S+B: You spoke at the World Economic Forum last January. What were your impressions?
SANTOS: It was surreal. We had a line of 100 people trying to get into our happiness talk who couldn’t get in because we were in a small room. It was surprising to me that people who are world leaders, who have to worry about Fortune 500 companies, wanted to get into a session on what you can do to be happier. There were also lots of conversations about climate change, the environment, and what we’re doing wrong. I think it was cool to see that the Davos folks are recognizing some of the cracks in what we’re doing. That we might be doing it wrong. We can still maximize shareholder value and give people lives that they’re happy with. But we’re often going about it the wrong way.
S+B: In organizations, does happiness trickle down or flow up?
SANTOS: There is lots of data that [shows that] it trickles down really well. People look to the leader to figure out how things are going. Should I feel anxious, or should I feel happy about this development? They also look to the leader for norms. Is the norm at our company that we take time off, or is the norm that we work ourselves to death?

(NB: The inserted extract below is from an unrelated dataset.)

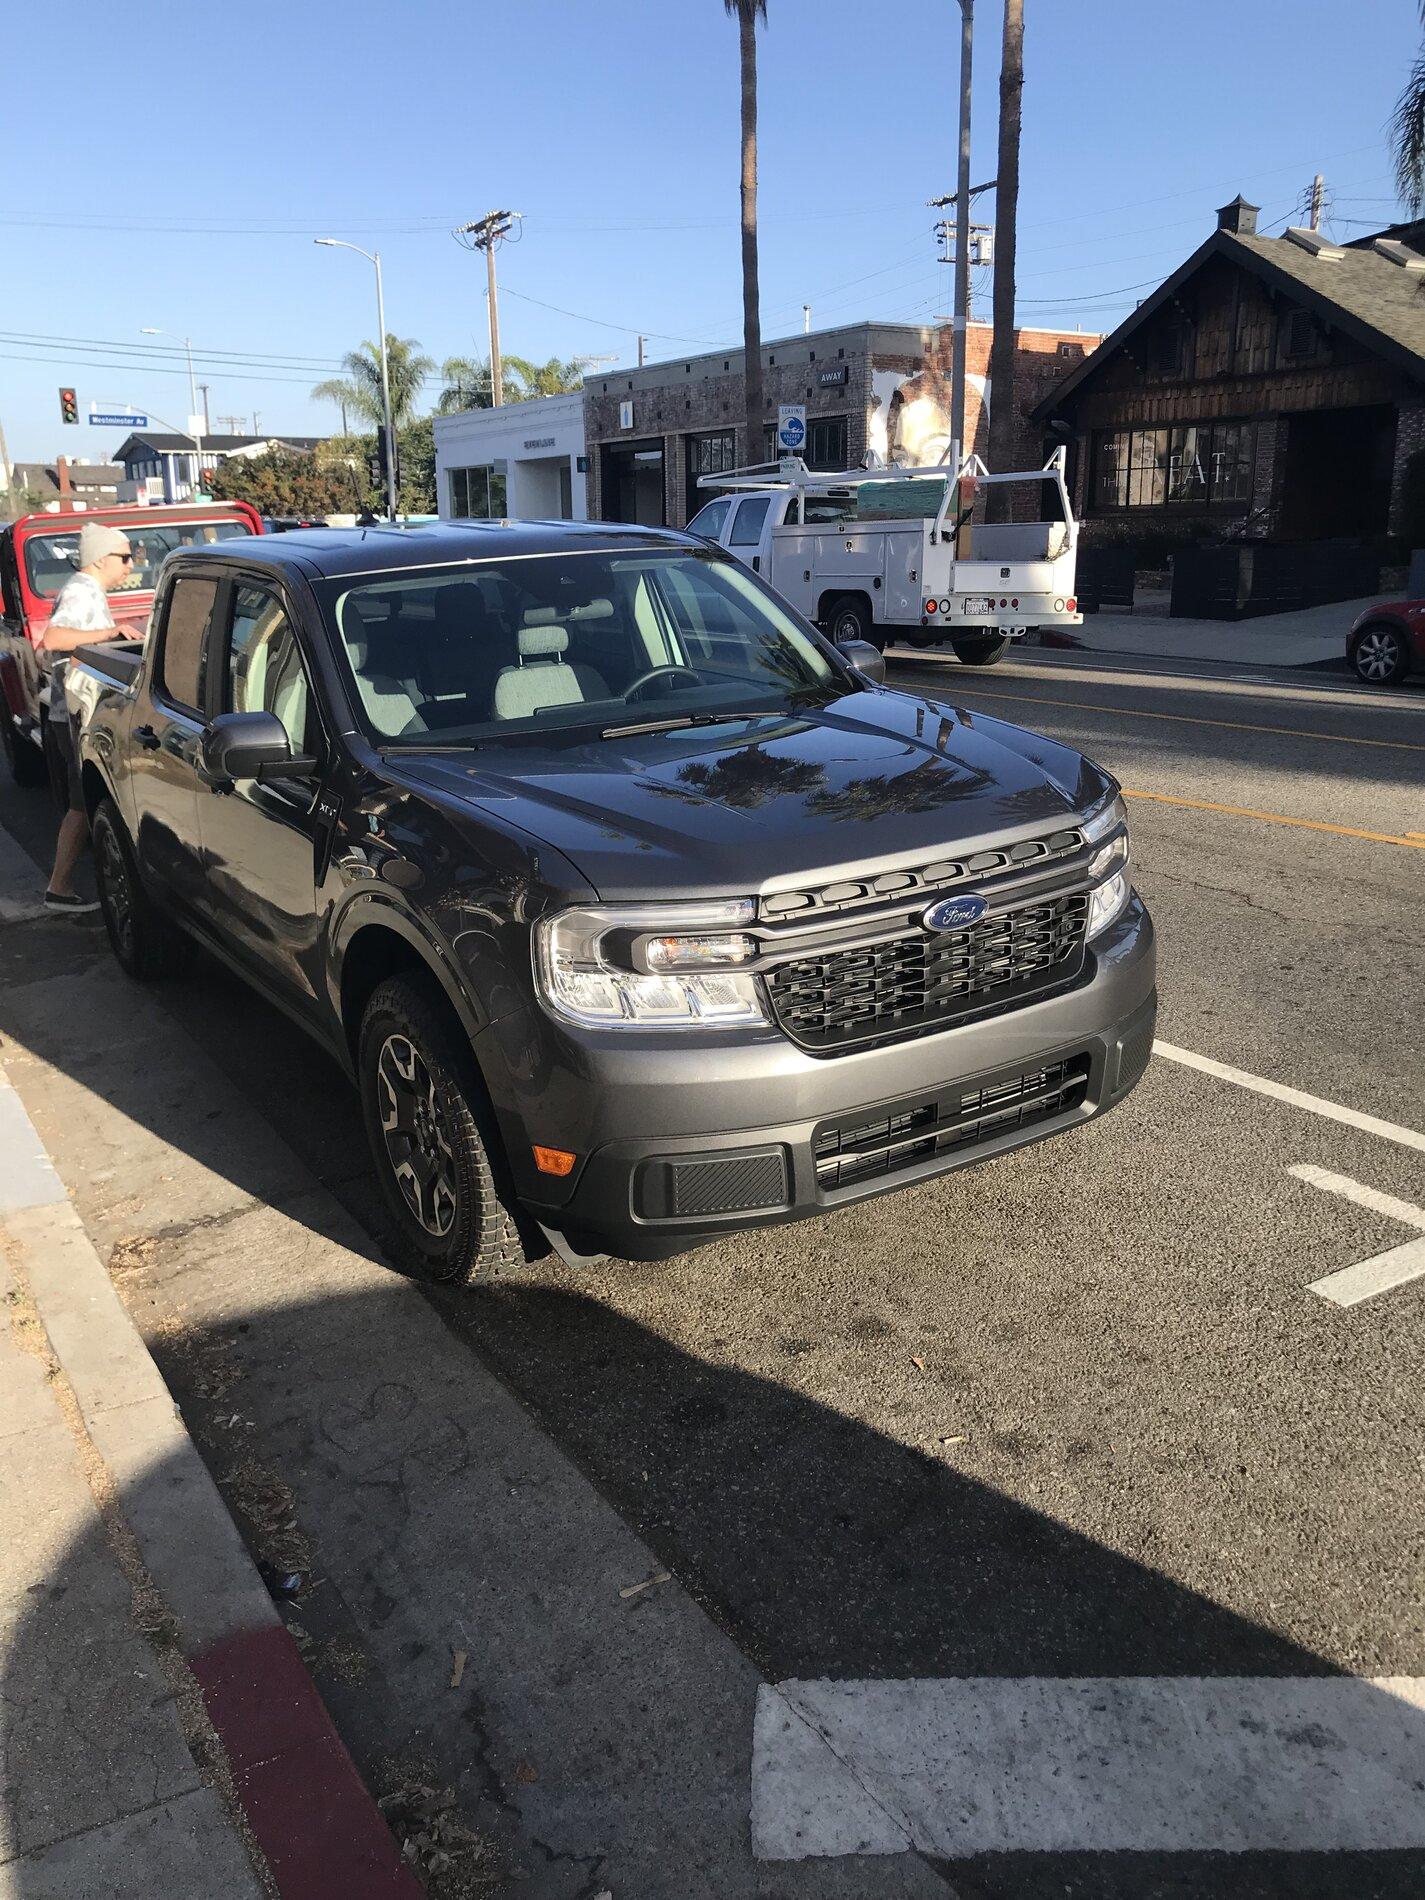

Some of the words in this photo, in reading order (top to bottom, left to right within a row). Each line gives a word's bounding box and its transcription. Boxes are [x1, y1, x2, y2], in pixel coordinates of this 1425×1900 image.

[821, 371, 842, 382] AWAY
[782, 407, 802, 415] LEAVING
[92, 416, 134, 425] Westminster
[942, 903, 977, 925] Ford
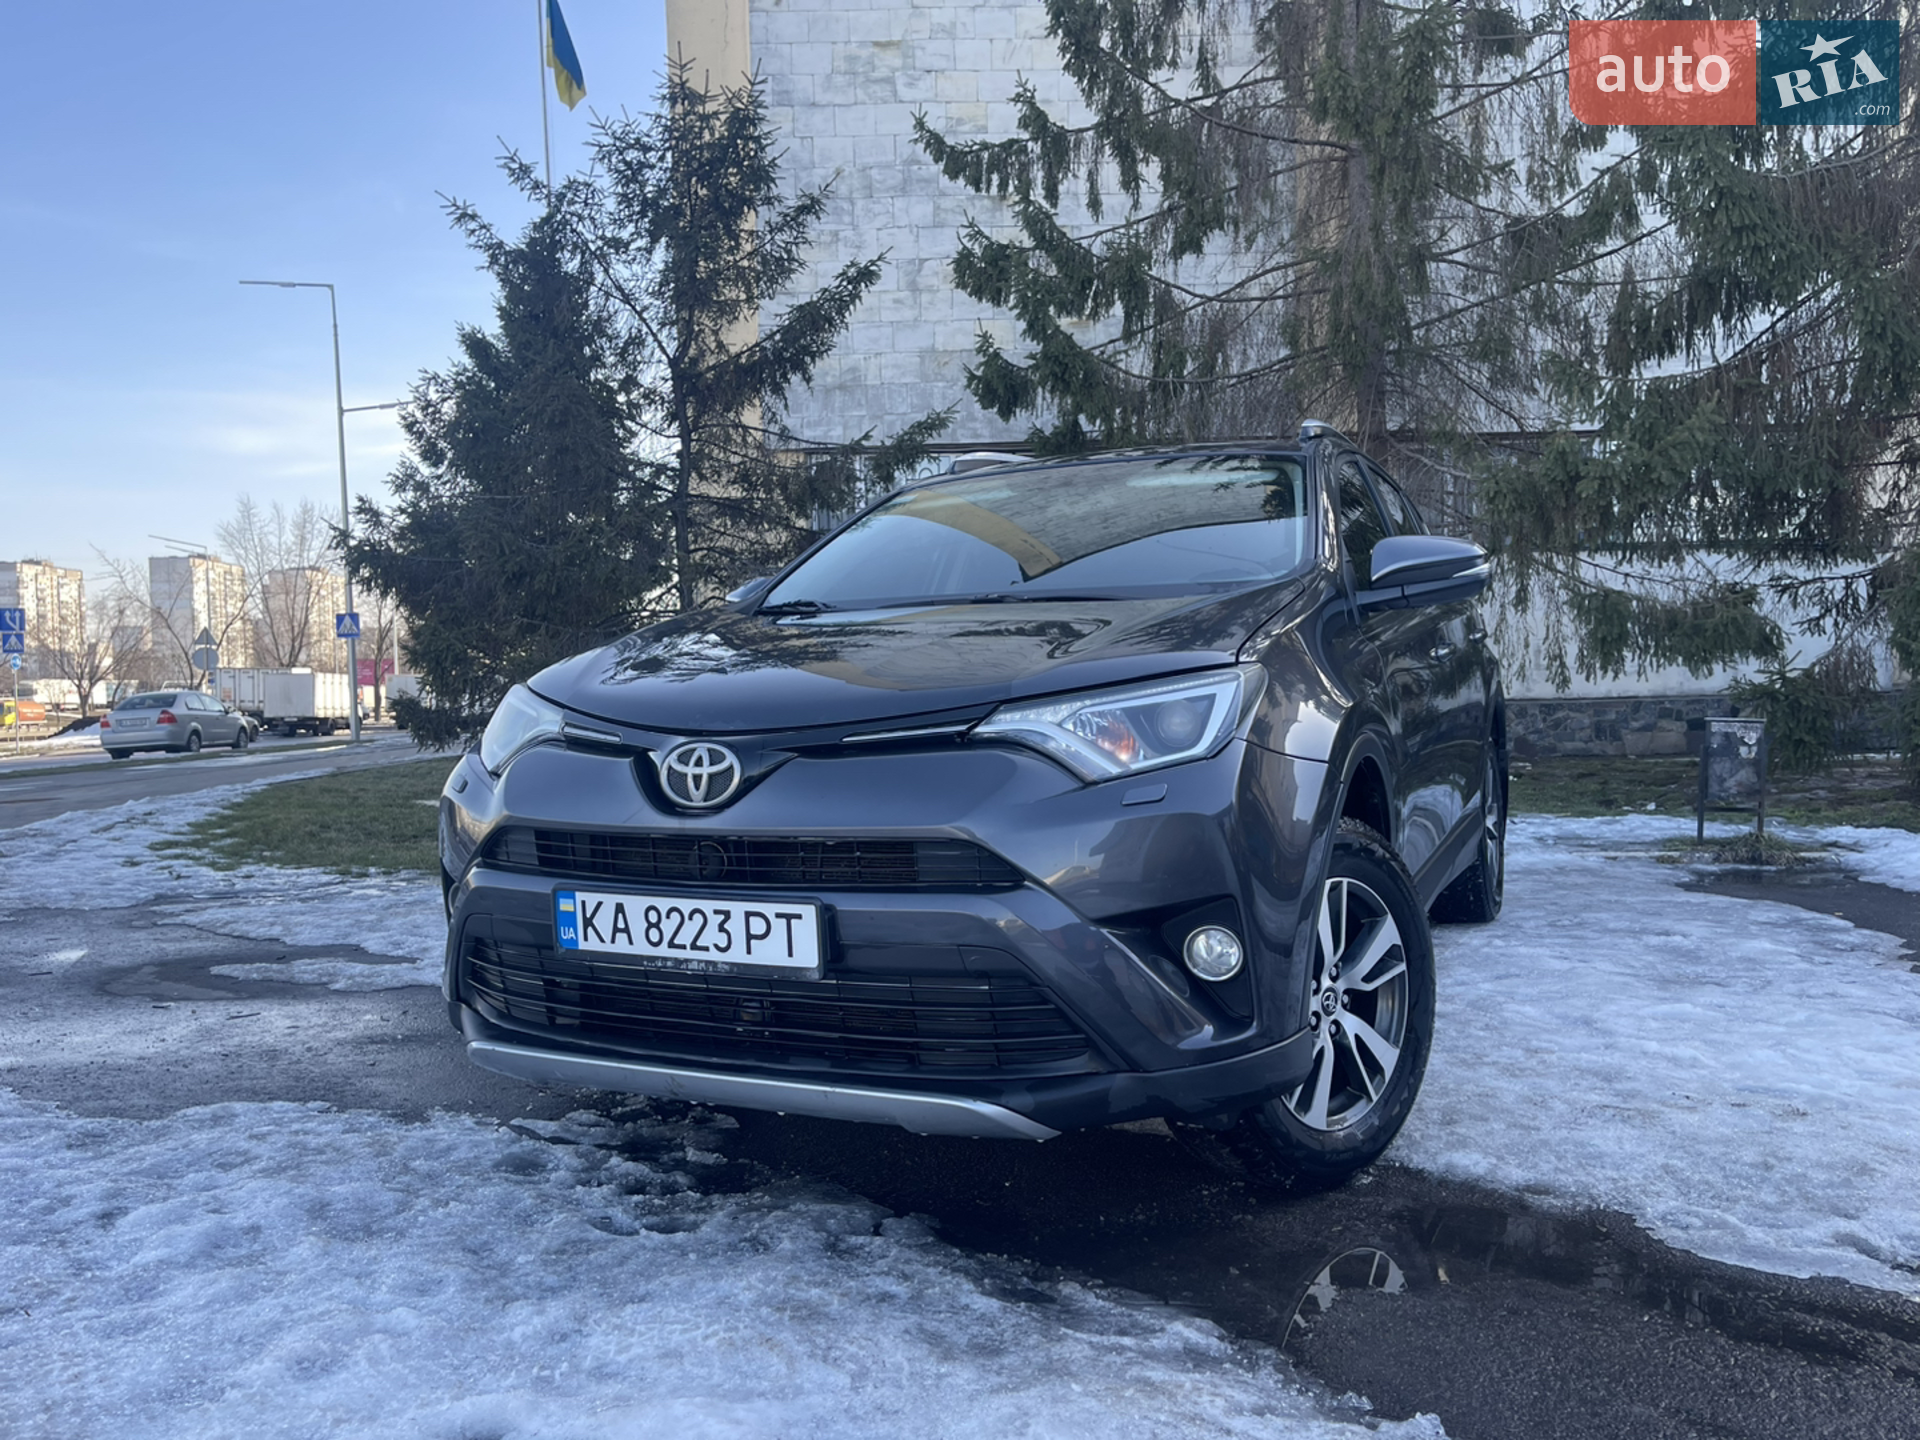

There are different ways that companies can promote these kinds of norms and practices. They can have one talk at the beginning of the year, and then the norm is never spoken of again. Or a norm can be infused through all of a company’s business practices, through all their spaces, through all their messaging. Employees can tell the difference. They know if you’re giving lip service to a healthy norm — say, time affluence — but they’re really just supposed to work themselves to the bone. People can tell if it’s really a principle that’s held dear in a company.
S+B: Are you happy?
SANTOS: Yeah. I’m pretty happy. And I’m much happier since doing this class, for two reasons, I think. One is that sharing the research on happiness has given me real meaning in life and a kind of purpose that I didn’t expect. The second thing is I have to practice what I preach because it will just be embarrassing, and my students will call me out on it, if I’m not doing what I’m telling them to do. Everybody can improve their well-being if they do the right things, but it requires changing your behavior. You can’t go to the gym once and think, “all right, I’m done. I’m fit now forever.” So many of the happiness practices — taking time to be mindful, taking time for gratitude, talking to people — they work the same way. You’ve just got to do those over and over.